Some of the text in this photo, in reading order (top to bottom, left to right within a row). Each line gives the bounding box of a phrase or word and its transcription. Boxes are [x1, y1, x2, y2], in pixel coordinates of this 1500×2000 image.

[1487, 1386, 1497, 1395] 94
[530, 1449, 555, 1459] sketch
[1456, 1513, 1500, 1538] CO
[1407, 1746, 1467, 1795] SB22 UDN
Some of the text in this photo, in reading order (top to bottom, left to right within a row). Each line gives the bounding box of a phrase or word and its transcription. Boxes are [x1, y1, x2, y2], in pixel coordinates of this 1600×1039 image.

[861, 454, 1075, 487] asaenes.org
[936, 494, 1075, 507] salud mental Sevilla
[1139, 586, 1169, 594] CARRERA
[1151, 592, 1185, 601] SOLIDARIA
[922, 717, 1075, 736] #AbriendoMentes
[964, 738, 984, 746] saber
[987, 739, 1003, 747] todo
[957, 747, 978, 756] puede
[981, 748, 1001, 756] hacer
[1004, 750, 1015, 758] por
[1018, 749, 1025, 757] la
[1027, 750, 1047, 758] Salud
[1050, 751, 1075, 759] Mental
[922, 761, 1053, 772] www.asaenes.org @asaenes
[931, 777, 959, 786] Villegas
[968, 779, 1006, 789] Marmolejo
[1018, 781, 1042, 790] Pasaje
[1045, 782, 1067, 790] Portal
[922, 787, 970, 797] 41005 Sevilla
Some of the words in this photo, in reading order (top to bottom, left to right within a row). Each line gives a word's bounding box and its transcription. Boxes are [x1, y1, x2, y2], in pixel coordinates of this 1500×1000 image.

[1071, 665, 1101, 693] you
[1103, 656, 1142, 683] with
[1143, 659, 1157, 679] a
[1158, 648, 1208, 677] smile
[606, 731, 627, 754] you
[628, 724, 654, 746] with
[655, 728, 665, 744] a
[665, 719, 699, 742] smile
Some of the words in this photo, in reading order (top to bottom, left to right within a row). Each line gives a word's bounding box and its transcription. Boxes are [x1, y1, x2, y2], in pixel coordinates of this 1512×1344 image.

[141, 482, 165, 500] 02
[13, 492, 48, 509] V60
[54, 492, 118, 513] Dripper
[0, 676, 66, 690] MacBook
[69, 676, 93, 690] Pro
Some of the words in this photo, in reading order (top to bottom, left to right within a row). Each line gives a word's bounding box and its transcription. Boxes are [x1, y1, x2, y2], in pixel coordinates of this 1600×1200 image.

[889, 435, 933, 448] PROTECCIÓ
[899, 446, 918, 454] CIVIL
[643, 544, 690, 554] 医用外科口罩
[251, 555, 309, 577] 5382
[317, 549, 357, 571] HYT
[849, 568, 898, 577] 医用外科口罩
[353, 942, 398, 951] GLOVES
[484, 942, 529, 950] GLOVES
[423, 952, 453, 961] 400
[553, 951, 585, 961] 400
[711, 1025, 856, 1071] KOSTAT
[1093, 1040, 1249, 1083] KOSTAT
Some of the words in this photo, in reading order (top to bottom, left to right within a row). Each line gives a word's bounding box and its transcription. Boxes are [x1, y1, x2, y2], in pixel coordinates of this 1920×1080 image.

• [TASK TO COMPLETE]
The last part of the records is the answer, beginning at the line that holds "this 1512×1344 image." and including the final line, repeated exactly.

• [RESPONSE BELOW]
Some of the words in this photo, in reading order (top to bottom, left to right within a row). Each line gives a word's bounding box and its transcription. Boxes are [x1, y1, x2, y2], in pixel coordinates of this 1512×1344 image.

[141, 482, 165, 500] 02
[13, 492, 48, 509] V60
[54, 492, 118, 513] Dripper
[0, 676, 66, 690] MacBook
[69, 676, 93, 690] Pro
Some of the words in this photo, in reading order (top to bottom, left to right within a row). Each line gives a word's bounding box and its transcription. Boxes are [x1, y1, x2, y2], in pixel coordinates of this 1600×1200 image.

[889, 435, 933, 448] PROTECCIÓ
[899, 446, 918, 454] CIVIL
[643, 544, 690, 554] 医用外科口罩
[251, 555, 309, 577] 5382
[317, 549, 357, 571] HYT
[849, 568, 898, 577] 医用外科口罩
[353, 942, 398, 951] GLOVES
[484, 942, 529, 950] GLOVES
[423, 952, 453, 961] 400
[553, 951, 585, 961] 400
[711, 1025, 856, 1071] KOSTAT
[1093, 1040, 1249, 1083] KOSTAT
Some of the words in this photo, in reading order (top to bottom, left to right within a row). Each line gives a word's bounding box and its transcription. Boxes are [x1, y1, x2, y2], in pixel coordinates of this 1920×1080 image.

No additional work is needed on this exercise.